The founding members of the AAP were lieutenants of Kisan Hazare, the leader of the India Against Corruption (IAC) mass agitation. Almost exactly four years ago, many of them were managing the crowd at Jantar Mantar in Delhi, where Mr Hazare went on a hunger strike from April 5, 2011. The demand was for the passing of the Jan Lok Pal Bill to create an ombudsman with powers to arrest and charge government functionaries accused of corruption.

Corruption is not new in independent India. Shiv Bahadur Singh, the 26th “Rao” of Churhat and a descendant of a branch of the Rewa royal family, was a distinguished leader of the Indian National Congress and a minister in Jawaharlal Nehru’s Cabinet. He was convicted in 1950 of taking bribes to issue a forged document for a diamond mining firm and sentenced to three years’ imprisonment. Interestingly, Shiv Bahadur’s son Arjun Singh became a revered leader of Madhya Pradesh, its chief minister and also a Cabinet minister in Delhi. There were allegations of fraud against Arjun Singh for the Churhat lottery case, but nothing was proved beyond disproportionate assets.

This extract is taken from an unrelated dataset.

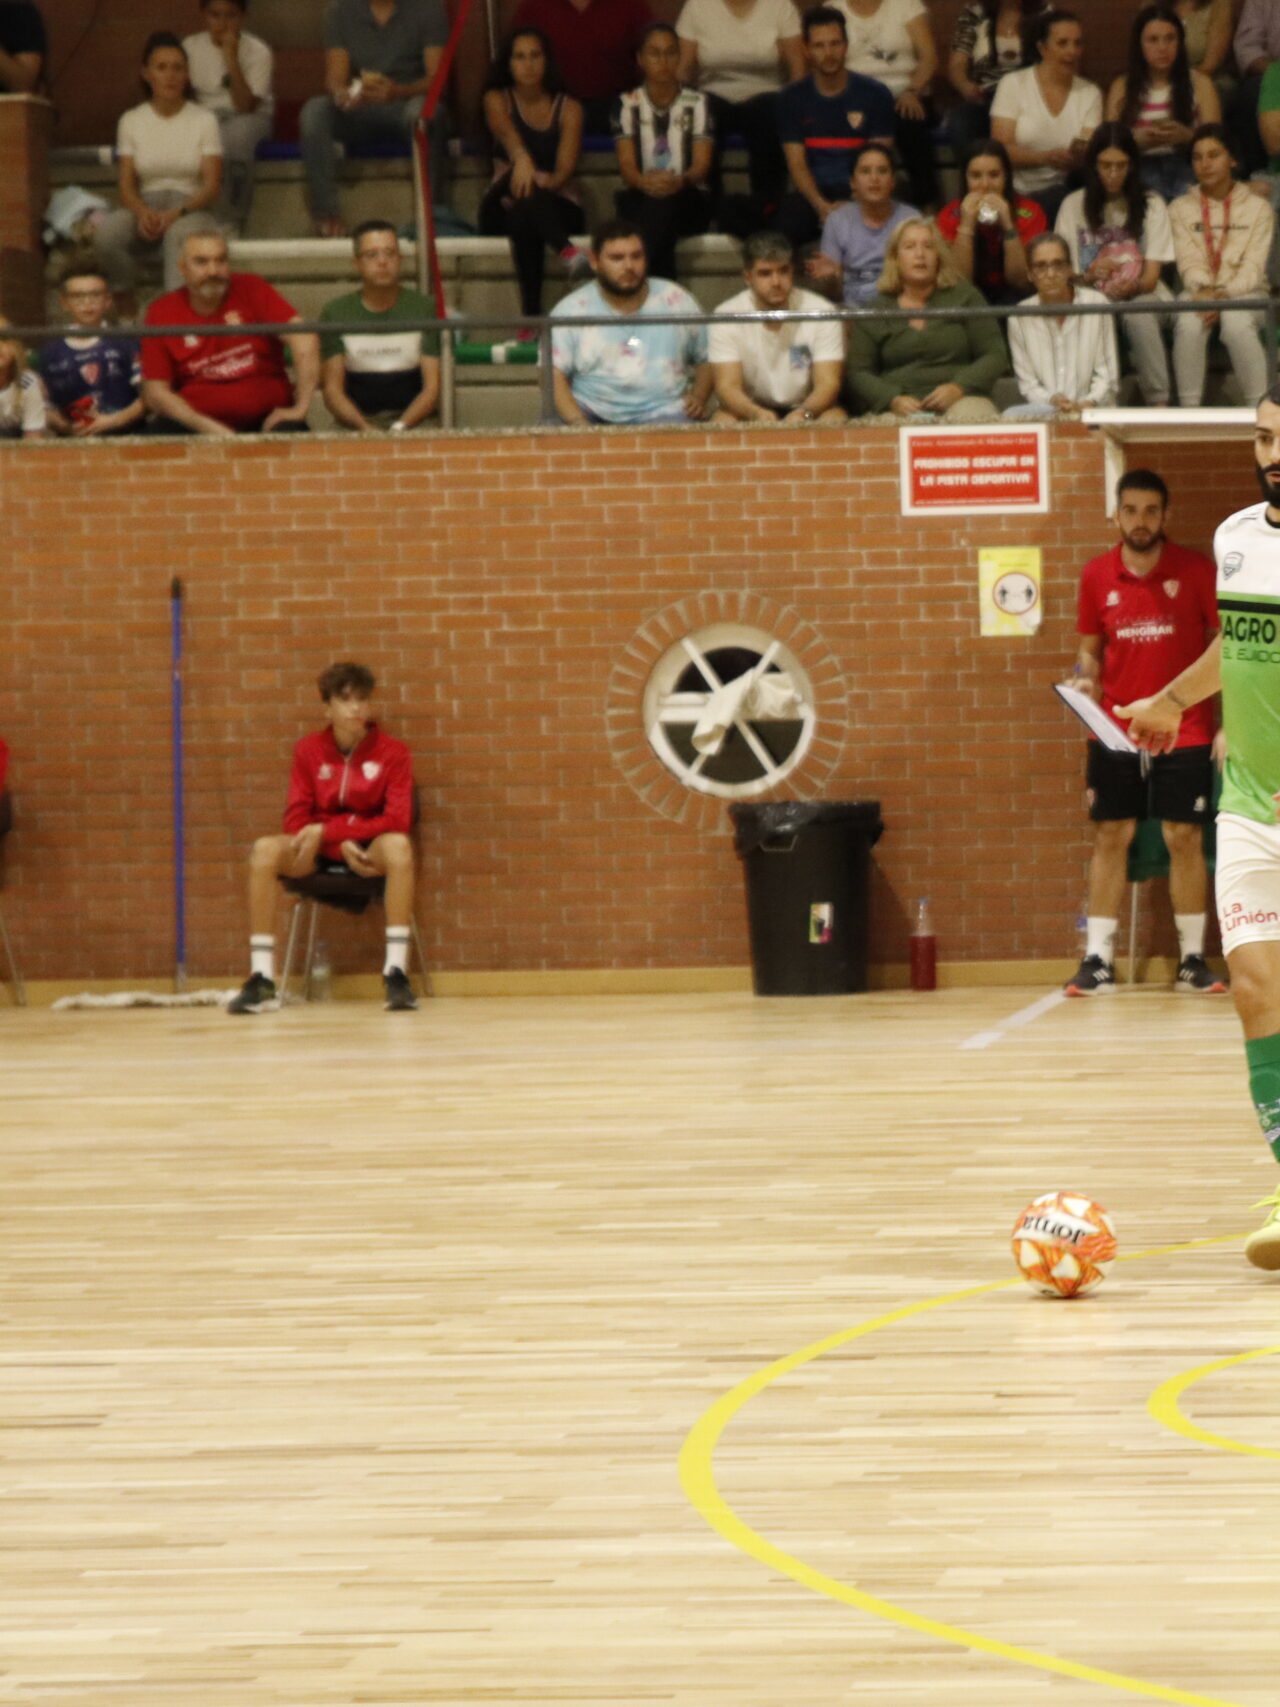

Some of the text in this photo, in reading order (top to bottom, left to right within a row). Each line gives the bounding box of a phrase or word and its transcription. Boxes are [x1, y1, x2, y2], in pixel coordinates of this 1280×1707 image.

[914, 455, 1034, 469] PROHIBIDO ESCUPIR EN
[920, 472, 1030, 486] LA PISTA DEPORTIVA
[1223, 902, 1242, 917] La
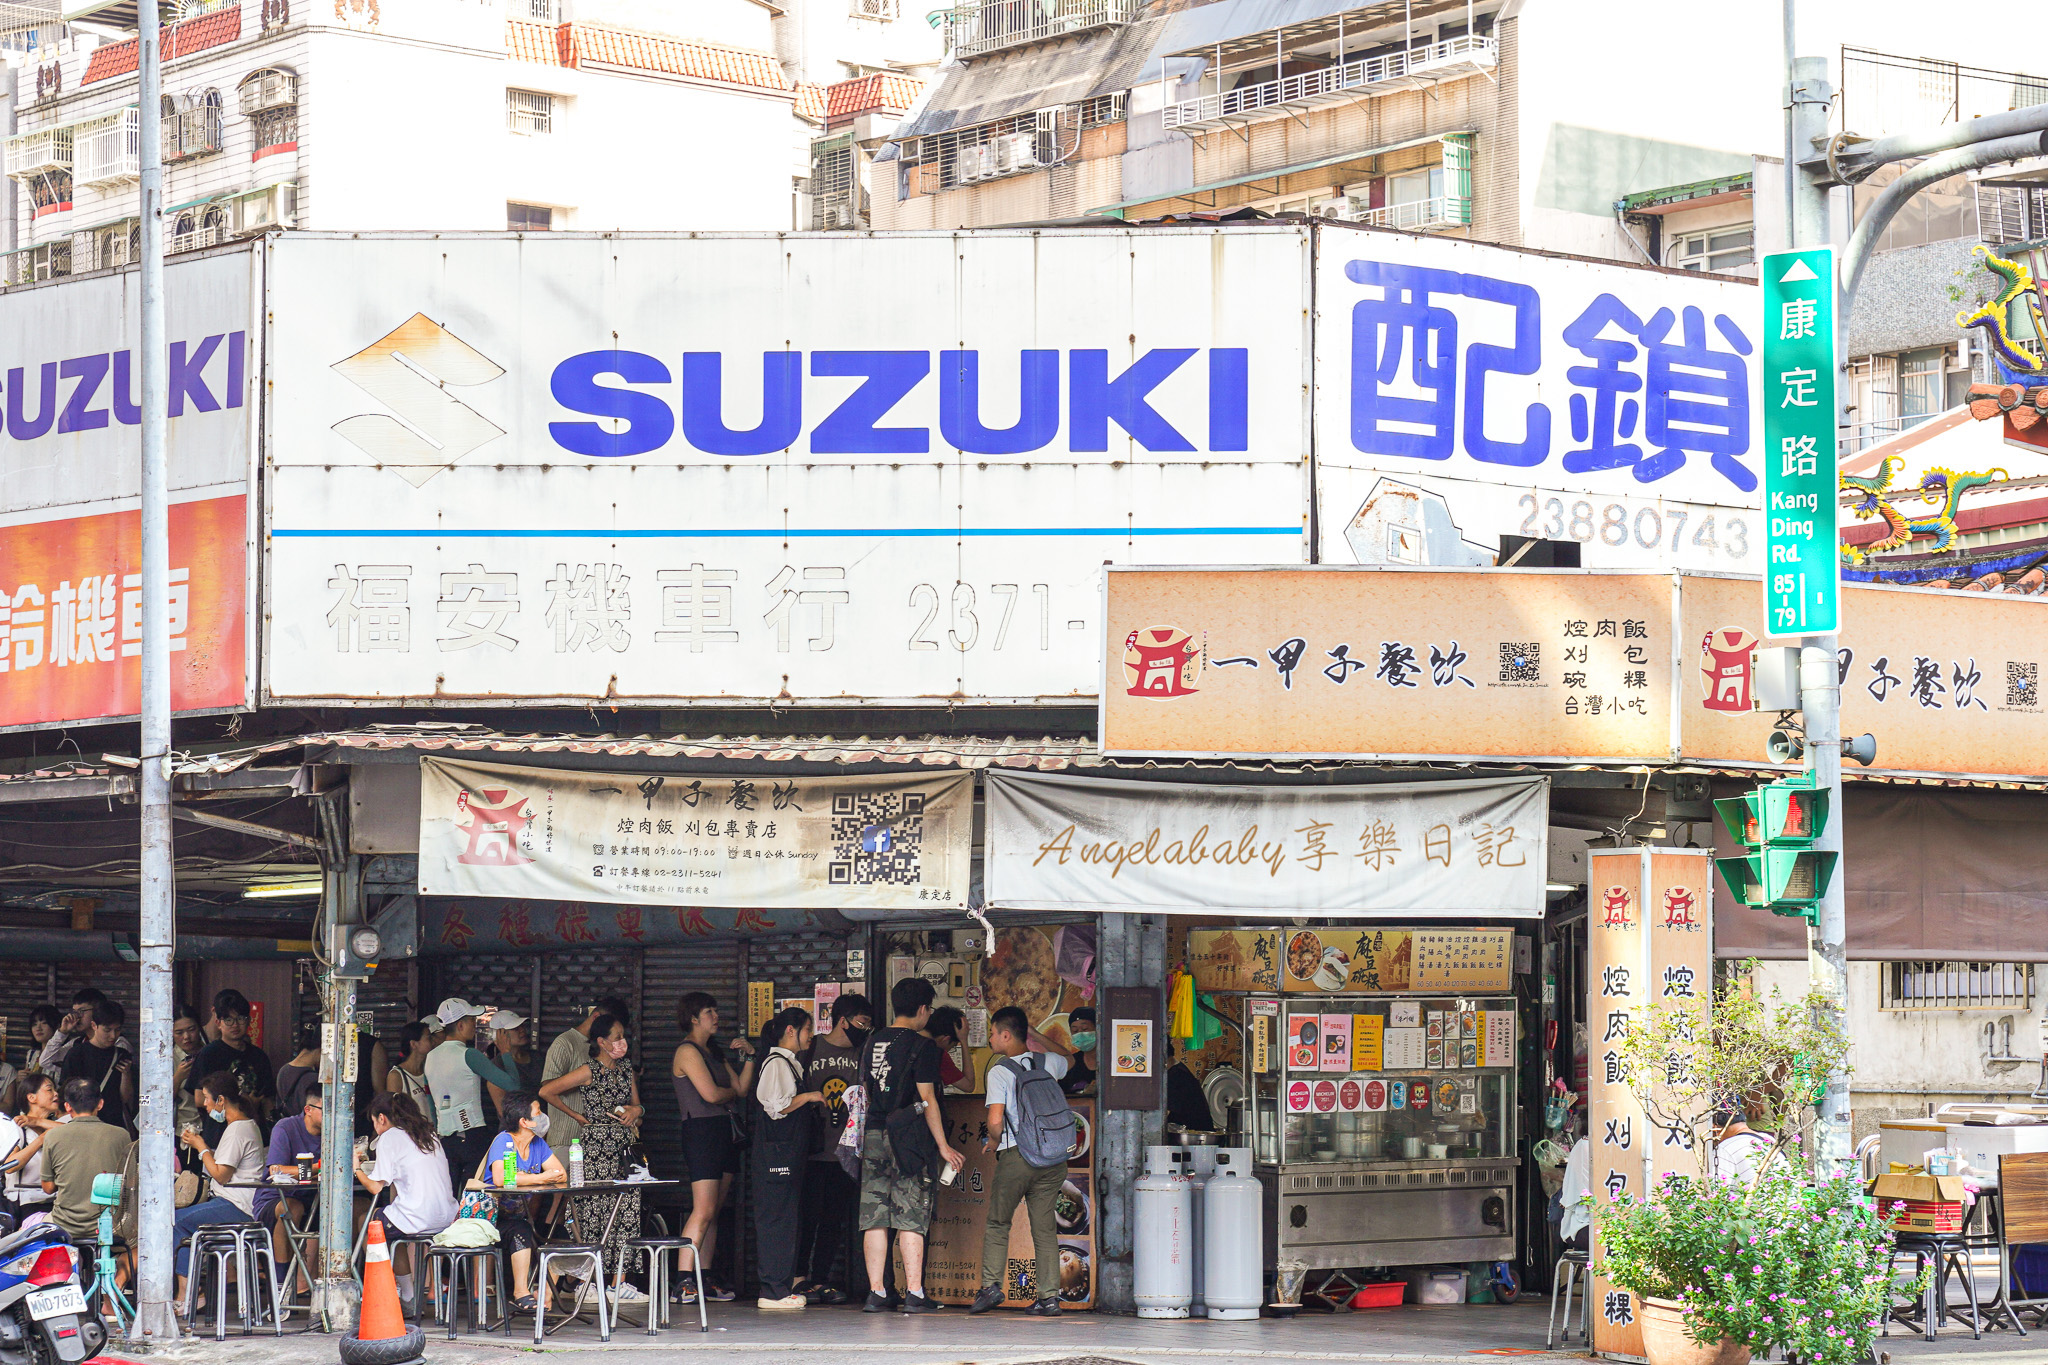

The spontaneous support by former bureaucrats, journalists, academics and professional lawyers – the founders of the AAP – for the IAC movement, clearly showed that times had changed between 1950 and 2011. Tolerance for corruption was down with increasing literacy and growth of a vocal middle class. But movements rise and fall in a cyclic pattern. The sustainability of non-structured agitation under the IAC was doubtful. A survey suggested preference for direct involvement in politics. Some members of the IAC’s core team, led by Arvind Kejriwal, went ahead and formed the AAP in late 2012.

The December 2013 Vidhan Sabha elections in Delhi marked the AAP’s grand debut: victory in 28 of the 70 seats, next only to the Bharatiya Janata Party (BJP)’s 31. No coalition government could be formed. Another Vidhan Sabha election followed in February 2015. The AAP won a landslide victory, bagging 67 of the 70 seats.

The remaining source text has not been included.